Verwaltungsgericht Hannover
Urt. v. 23.12.2013, Az.: 13 A 6247/13

Aufnahme in den Haushalt; Kindergeld; Kindergeldkasse; Stiefkind; Wegfall des Kindergeldes

Bibliographie

Gericht
VG Hannover
Datum
23.12.2013
Aktenzeichen
13 A 6247/13
Entscheidungsform
Urteil
Referenz
WKRS 2013, 64428
Entscheidungsname
[keine Angabe]
ECLI
[keine Angabe]

Amtlicher Leitsatz

Leitsatz

Hat die Kindergeldkasse bestandskräftig den Wegfall der Kindergeldberechtigung festgestellt, ist dies für den Vollzug des § 40 BBesG bindend.

Tenor:

Die Klage wird abgewiesen.

Der Kläger trägt die Kosten des Verfahrens.

Die Entscheidung ist wegen der Kosten vorläufig vollstreckbar. Der Vollstreckungsschuldner darf die Vollstreckung durch Sicherheitsleistung in Höhe von 110 % des vollstreckbaren Betrags abwenden, wenn nicht die Vollstreckungsgläubigerin vor der Vollstreckung Sicherheit in Höhe von 110 % des zu vollstreckenden Betrags leistet.

Tatbestand:

Der Kläger wendet sich gegen einen Rückforderungsbescheid wegen überzahlter Familienzuschläge und begehrt zudem die Weiterzahlung des Kinderanteils im Familienzuschlag über den Juli 2011 hinaus.

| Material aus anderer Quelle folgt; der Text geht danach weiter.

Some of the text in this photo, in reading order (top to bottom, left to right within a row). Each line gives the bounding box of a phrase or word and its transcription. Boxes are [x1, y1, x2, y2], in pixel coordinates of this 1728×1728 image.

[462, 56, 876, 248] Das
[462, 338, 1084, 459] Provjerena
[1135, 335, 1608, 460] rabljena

Bei dem Kläger handelt es sich um einen Bundesbeamten mit dienstlichem Wohnsitz in Langenhagen. Er hat einen im Januar 1992 geborenen Stiefsohn (Kind der Ehefrau aus einer anderen Beziehung). Dieser Stiefsohn lebte zunächst im Haushalt des Klägers und zog dort aus, als er eine Ausbildung begann. Mitte Juni 2010 brach der Stiefsohn die Ausbildung ab, kehrte jedoch nicht in den Haushalt des Klägers zurück.

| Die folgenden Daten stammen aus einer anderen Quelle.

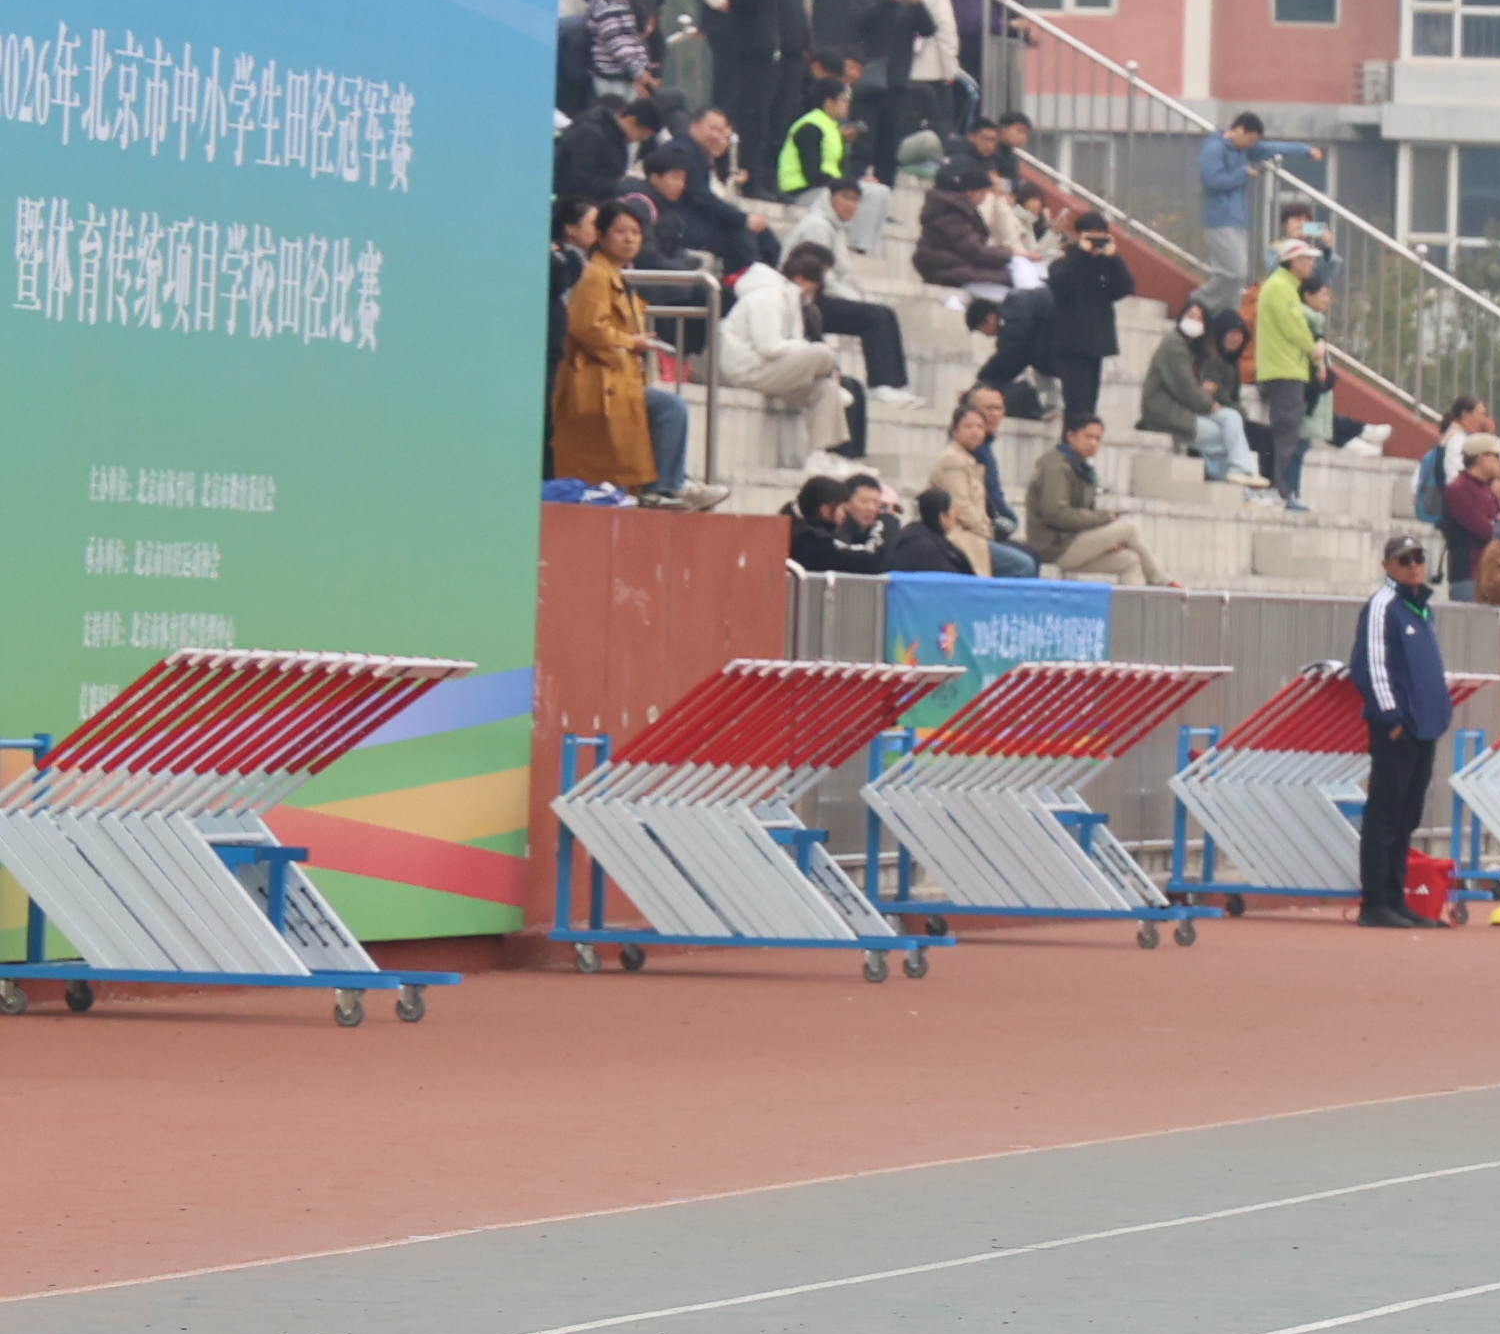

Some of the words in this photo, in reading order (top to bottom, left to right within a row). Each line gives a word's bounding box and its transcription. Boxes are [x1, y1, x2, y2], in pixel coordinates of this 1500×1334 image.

[0, 20, 414, 193] 026年北京市中小学生田径冠军赛
[12, 196, 383, 351] 暨体育传统项目学校田径比赛
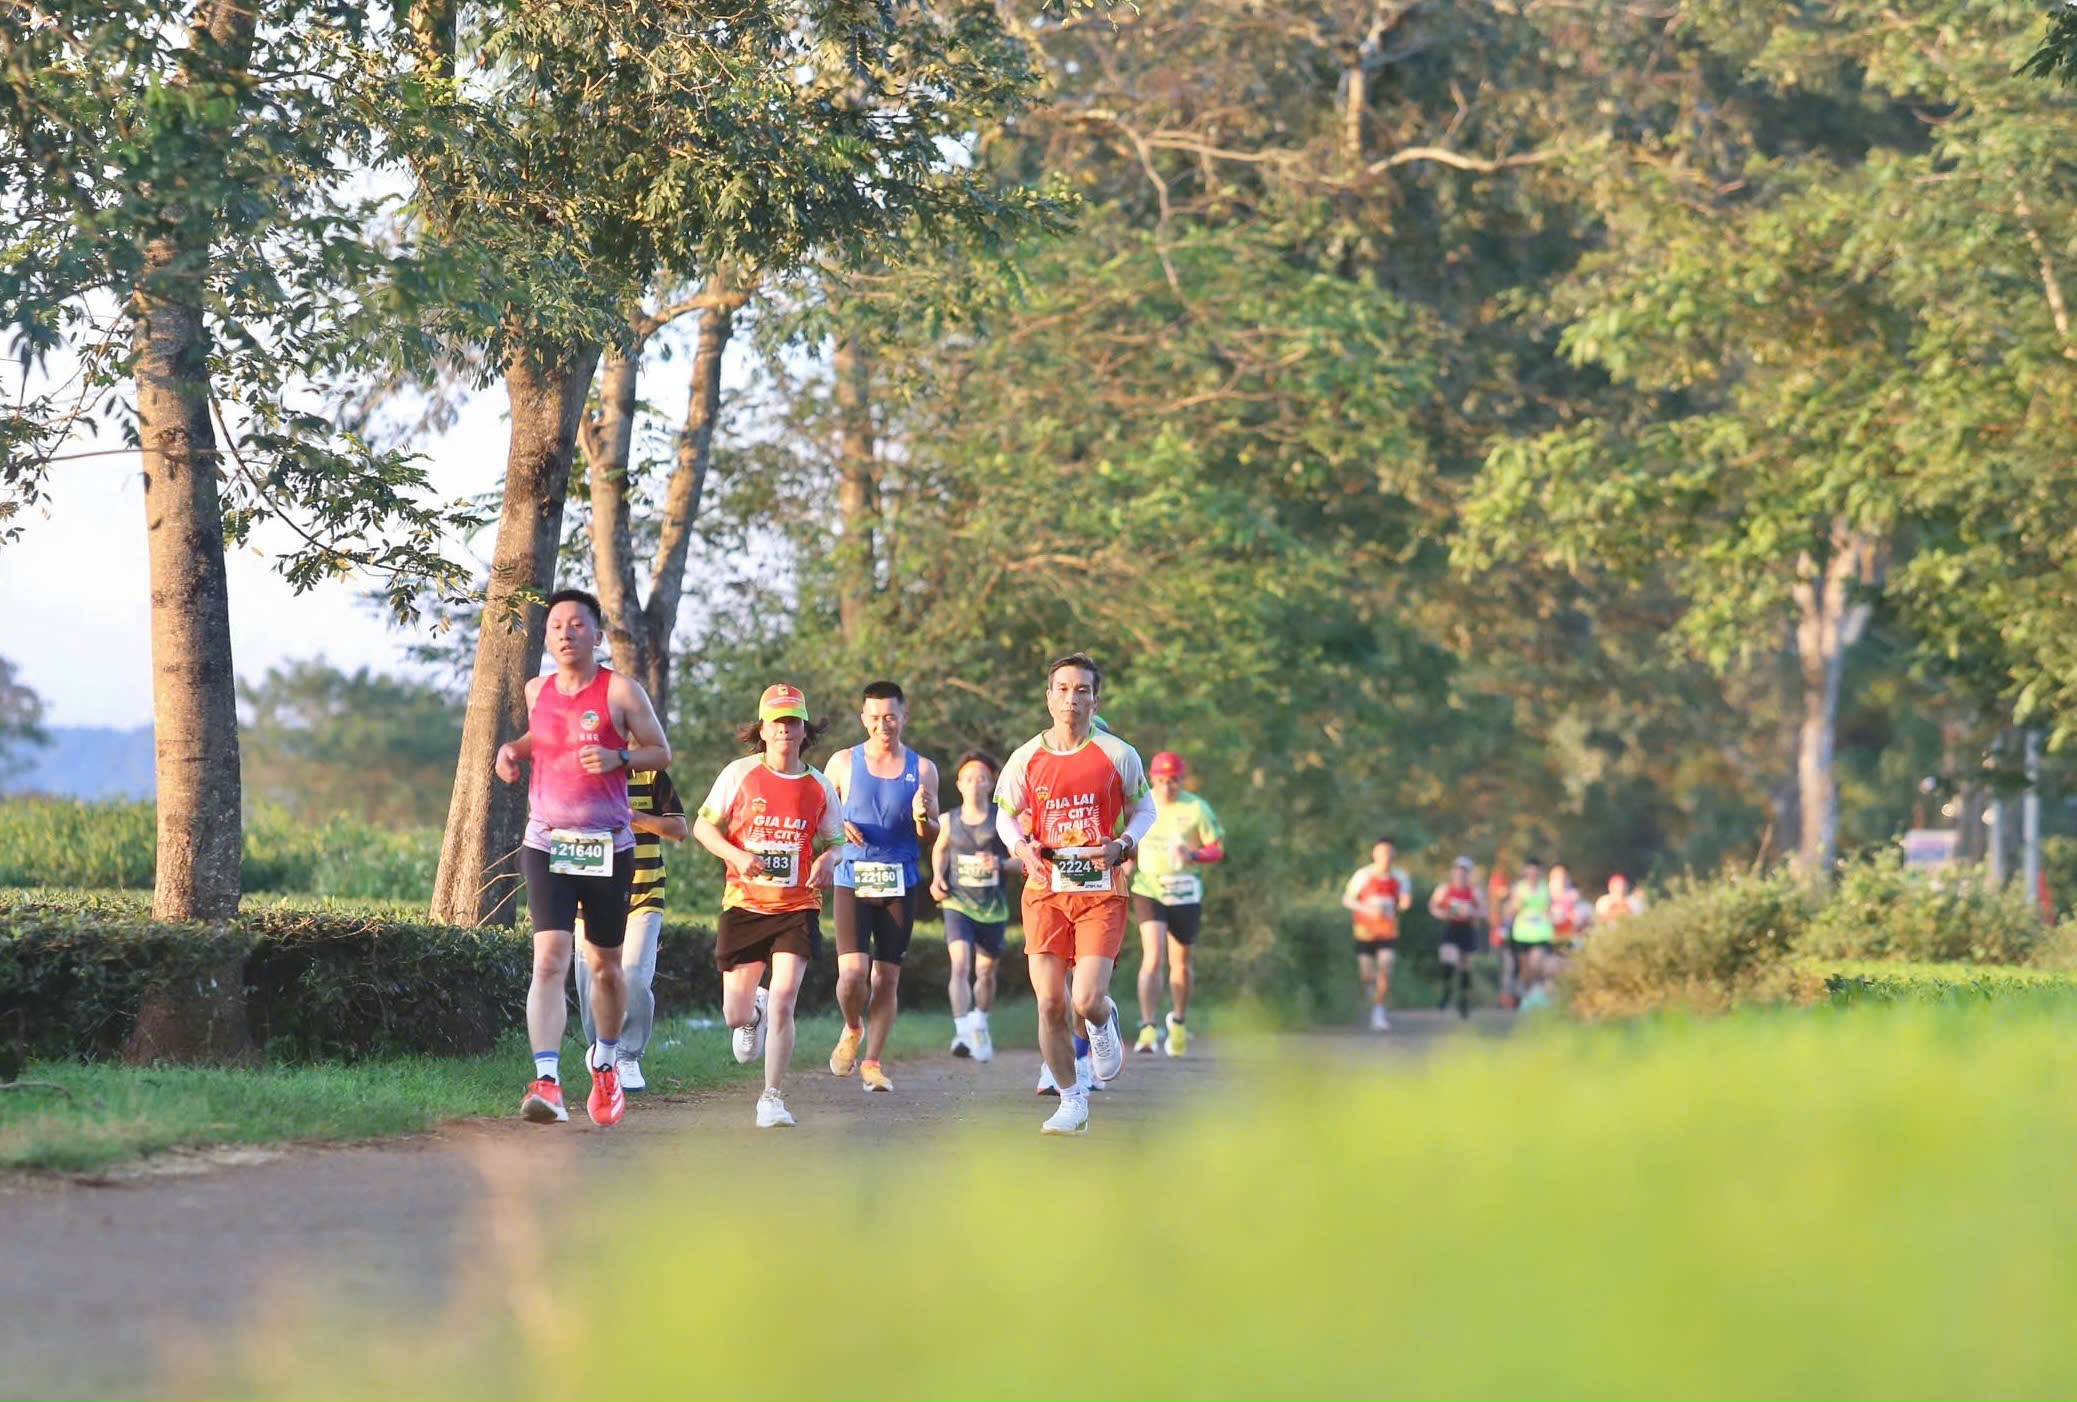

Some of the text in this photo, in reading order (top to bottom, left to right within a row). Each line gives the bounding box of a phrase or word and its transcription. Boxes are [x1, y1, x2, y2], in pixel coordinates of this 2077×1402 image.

[1046, 793, 1095, 810] GIA LAI
[1068, 806, 1093, 820] CITY
[753, 815, 807, 830] GIA LAI
[1057, 818, 1091, 832] TRAIL
[773, 829, 801, 841] CITY
[558, 843, 602, 858] 21640
[861, 870, 896, 883] 22160

Dem Kläger wurde von der Kindergeldkasse Kindergeld für den Stiefsohn nur bis einschließlich Juni 2010 bewilligt. Danach erhielt die Ehefrau des Klägers das Kindergeld, ab März 2013 das Kind direkt. Die Bundeskindergeldkasse hatte mit Bescheid vom 16.04.2012 rückwirkend die Kindergeldbewilligung ab Juli 2010 aufgehoben.

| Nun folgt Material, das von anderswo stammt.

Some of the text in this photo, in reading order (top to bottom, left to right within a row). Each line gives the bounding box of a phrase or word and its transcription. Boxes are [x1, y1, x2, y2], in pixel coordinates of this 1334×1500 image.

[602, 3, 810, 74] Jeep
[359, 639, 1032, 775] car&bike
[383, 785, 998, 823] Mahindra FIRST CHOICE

Der Kläger hatte der Besoldungsstelle keine Mitteilung über den Auszug des Stiefsohns gemacht. In einer Erklärung zum Familienzuschlag vom 24.04.2012 machte er keine Angaben zu der Frage, ob das Kind zu seinem Haushalt gehöre. Dem Kläger wurde der kinderbezogene Familienzuschlag für seinen Stiefsohn bis einschließlich Juli 2011 gezahlt.

Die Beklagte stellte ab August 2011 die Zahlung des kinderbezogenen Familienzuschlages für den Stiefsohn ein und hörte den Kläger zu einer Rückforderung überzahlten Familienzuschlages in der Zeit von Juli 2010 bis Juli 2011 an.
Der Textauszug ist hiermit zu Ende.